17 Except insofar as they were disapplied by the Registration and Collection Act, the provisions of the ART Act applied to the Tribunal’s review of the decision. Relevantly, s 105 of the ART Act sets out the powers exercisable by the Tribunal in determining a review of a reviewable decision:
105 Tribunal decision on review of reviewable decision
In relation to the reviewable decision, the Tribunal must make a decision:
(a) affirming the reviewable decision; or
(b) varying the reviewable decision; or
(c) setting aside the reviewable decision and:
(i) making a decision in substitution for the reviewable decision; or
(ii) remitting the matter to the decision‑maker for reconsideration in accordance with any orders or recommendations of the Tribunal.
18 Section 54 of the ART Act should also be noted. It provides:
For the purposes of reviewing a reviewable decision, the Tribunal may exercise all the powers and discretions that are conferred on the decision‑maker by an Act or an instrument made under an Act.
19 Section 172(1) of the ART Act entitles a party to appeal to this Court, on a question of law, from a decision of the Tribunal. The jurisdiction of the Court and its powers to make orders giving effect to its decision on an appeal from a decision of the Tribunal are set out in s 176 of the ART Act, which states as follows:
176 Federal Court has jurisdiction
(1) If an appeal is made under Subdivision A, the Federal Court:
(a) has jurisdiction to hear and determine the appeal; and
(b) must hear and determine the appeal; and
(c) may make any order it considers appropriate because of its decision.
(2) Without limiting the orders it may make, the Federal Court may:
(a) affirm or set aside a decision of the Tribunal; or
(b) remit a matter to be decided again by the Tribunal, either with or without the taking of further evidence, in accordance with the directions of the Court.
The decision and reasons of the Tribunal
20 Before the Tribunal, both BEG26 and the Registrar took the position that the Tribunal was bound to set aside the decision of the delegate to allow the objection, because the extension of time decision was invalid and legally ineffective. The Tribunal set out the Registrar’s submissions in support of this contention in its reasons at [27]-[29], and then said, at [30]:
The Tribunal disagrees with the Registrar’s submissions on that point that the objection decision should be set aside as the [extension of time] decision is invalid. The Tribunal accepts there is an objection decision which enlivens the Tribunal’s jurisdiction and enables the Tribunal to deal with the substantive matter before the Tribunal about whether [BEG26] is an “eligible carer”.
21 The Tribunal did not articulate its reasons for this conclusion beyond expressing its disagreement with the submissions of the Registrar.

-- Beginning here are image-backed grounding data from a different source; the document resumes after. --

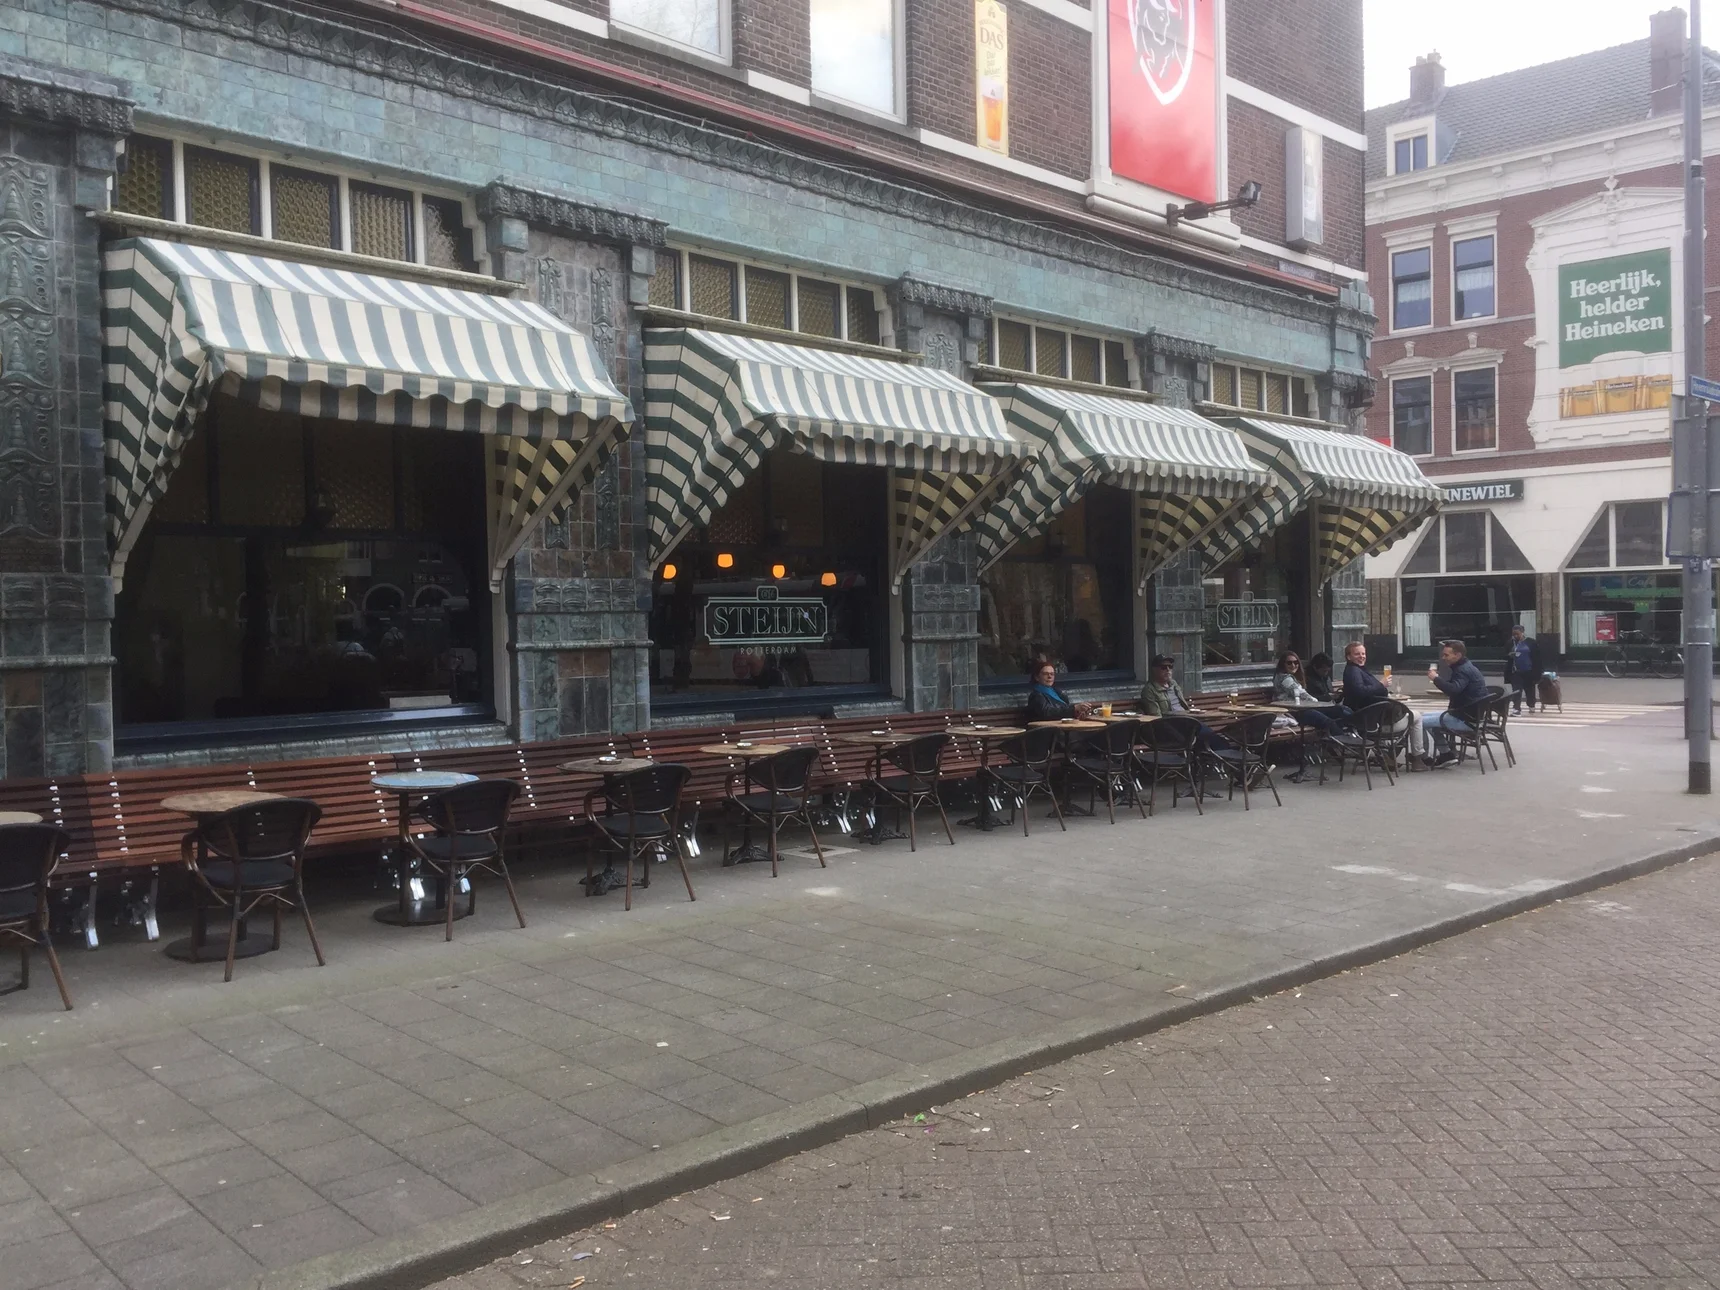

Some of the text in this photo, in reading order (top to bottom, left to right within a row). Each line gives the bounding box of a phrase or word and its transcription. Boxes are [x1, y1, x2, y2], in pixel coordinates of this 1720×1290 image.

[980, 26, 1004, 51] DAS
[1570, 269, 1662, 298] Heerlijk,
[1580, 294, 1650, 318] helder
[1565, 315, 1665, 341] Heineken
[713, 606, 820, 636] STEIJN
[1221, 605, 1276, 627] STEIJN
[740, 645, 797, 656] ROTTERDAM

22 The Tribunal does not appear to have proceeded on the basis that it had power to decide for itself whether it was appropriate to exercise the discretion to accept an objection lodged after the end of the period fixed by s 81(1) of the Registration and Collection Act. Rather, it appears that the Tribunal considered that the extension of time decision had been made, and that it was not open to the Tribunal to revisit that decision, or to question its validity for the purposes of the Tribunal’s review of the objection decision.

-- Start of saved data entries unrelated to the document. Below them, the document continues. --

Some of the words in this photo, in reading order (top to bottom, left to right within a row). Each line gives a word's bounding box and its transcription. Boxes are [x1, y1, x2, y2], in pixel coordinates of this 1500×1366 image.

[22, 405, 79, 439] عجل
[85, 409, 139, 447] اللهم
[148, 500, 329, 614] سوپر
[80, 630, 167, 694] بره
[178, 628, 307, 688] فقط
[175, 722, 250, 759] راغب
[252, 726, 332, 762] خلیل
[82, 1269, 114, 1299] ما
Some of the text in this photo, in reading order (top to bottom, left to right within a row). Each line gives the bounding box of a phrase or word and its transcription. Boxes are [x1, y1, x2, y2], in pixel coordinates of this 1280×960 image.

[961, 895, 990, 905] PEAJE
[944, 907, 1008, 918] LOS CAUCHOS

23 The Tribunal proceeded to consider BEH26’s objection on its merits, and concluded that BEG26 was not an “eligible carer” in relation to J, as defined in s 78B of the Assessment Act. Accordingly, the Tribunal affirmed the objection decision.

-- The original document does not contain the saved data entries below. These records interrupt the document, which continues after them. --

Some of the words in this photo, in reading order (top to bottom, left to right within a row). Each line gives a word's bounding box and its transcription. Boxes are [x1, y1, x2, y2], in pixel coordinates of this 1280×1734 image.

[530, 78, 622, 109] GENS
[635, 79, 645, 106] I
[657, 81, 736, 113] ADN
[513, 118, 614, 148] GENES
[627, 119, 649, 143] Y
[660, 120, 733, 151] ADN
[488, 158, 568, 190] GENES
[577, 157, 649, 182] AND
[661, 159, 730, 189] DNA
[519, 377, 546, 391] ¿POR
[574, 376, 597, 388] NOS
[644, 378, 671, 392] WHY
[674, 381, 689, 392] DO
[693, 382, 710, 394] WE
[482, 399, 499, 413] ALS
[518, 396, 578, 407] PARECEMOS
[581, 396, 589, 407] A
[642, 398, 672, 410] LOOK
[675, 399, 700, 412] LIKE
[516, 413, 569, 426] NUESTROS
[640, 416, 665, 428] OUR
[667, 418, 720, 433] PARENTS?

The grounds of appeal to this Court
24 On her appeal to this Court, BEG26 relies on four grounds of appeal. It is only necessary to set out grounds 1 and 3, which (omitting particulars to ground 1) are expressed as follows:
Ground One – The First Respondent’s Power to Make the Objection Decision
The Tribunal erred in finding that the Objection Decision was a decision validly made by the [Registrar]. The [Registrar] only had the power to make the Objection Decision under s 87(1) of the [Registration and Collection Act] if the objection by [BEH26] was duly lodged within the prescribed time limit (28 days from notification of the Child Support Decision) or if the [Registrar] made a valid decision to grant an extension of time in accordance with s 83(1)(b) of the [Registration and Collection Act], neither of which occurred.
…
Ground Three – The Tribunal’s Power to Affirm the Objection Decision
The Tribunal erred in finding that it had the power on an application for review under s 89(1) of the [Registration and Collection Act] to make a decision affirming the Objection Decision. The Tribunal only had the power to do so if the [Registrar] had the power to make the Objection Decision under the [Registration and Collection Act]. For the reasons set out in Grounds One and Two, the [Registrar] did not have that power in the present case.
25 The Registrar and BEG26 both accept that, if the appeal is allowed on grounds 1 and 3, it is unnecessary for the Court to consider or decide BEG26’s other two grounds of appeal.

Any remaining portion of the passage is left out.